WHAT NEEDS TO BE DONE:
Repeat the entire listing exactly. Omit all pictures.

#####

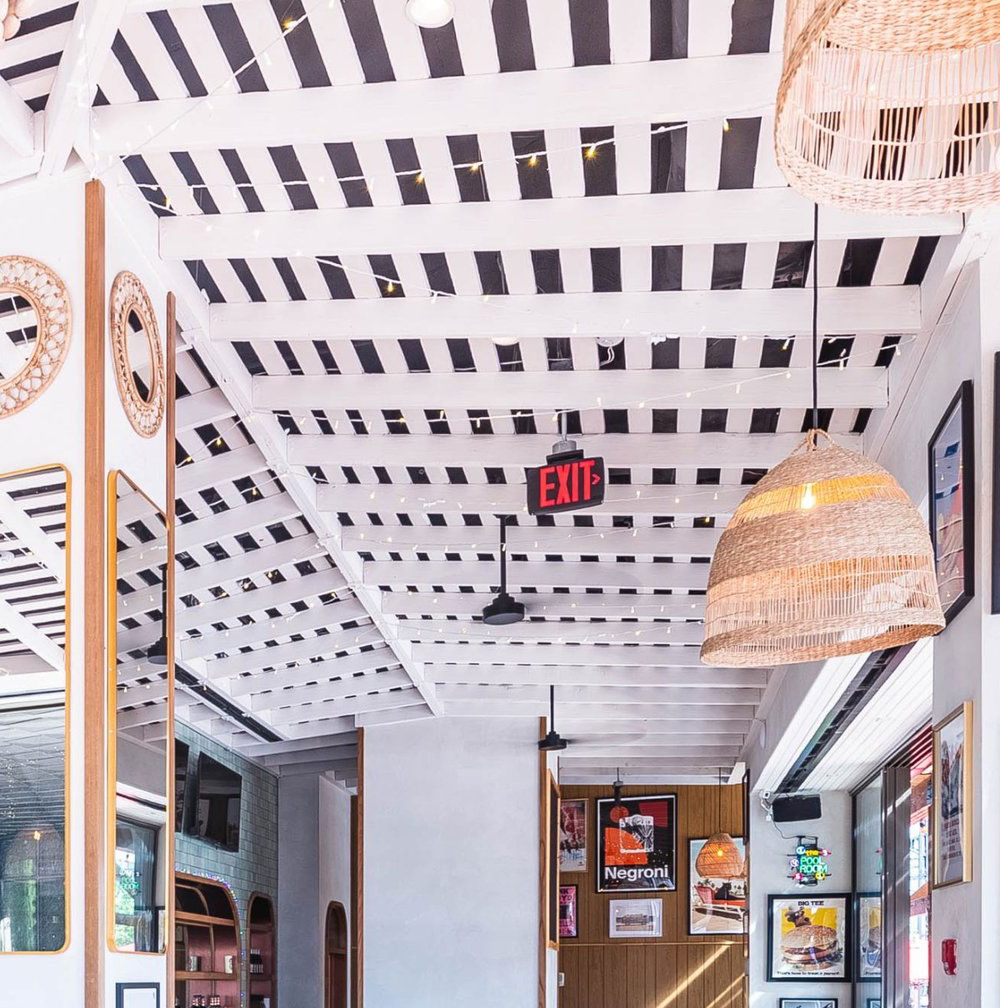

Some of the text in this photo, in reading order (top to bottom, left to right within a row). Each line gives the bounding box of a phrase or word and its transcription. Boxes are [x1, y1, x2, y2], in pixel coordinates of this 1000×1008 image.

[539, 459, 595, 508] EXIT
[800, 856, 826, 865] POOL
[604, 864, 669, 880] Negroni
[799, 864, 828, 873] ROOM

#####

TASK SOLUTION:
Some of the text in this photo, in reading order (top to bottom, left to right within a row). Each line gives the bounding box of a phrase or word and its transcription. Boxes are [x1, y1, x2, y2], in pixel coordinates of this 1000×1008 image.

[539, 459, 595, 508] EXIT
[800, 856, 826, 865] POOL
[604, 864, 669, 880] Negroni
[799, 864, 828, 873] ROOM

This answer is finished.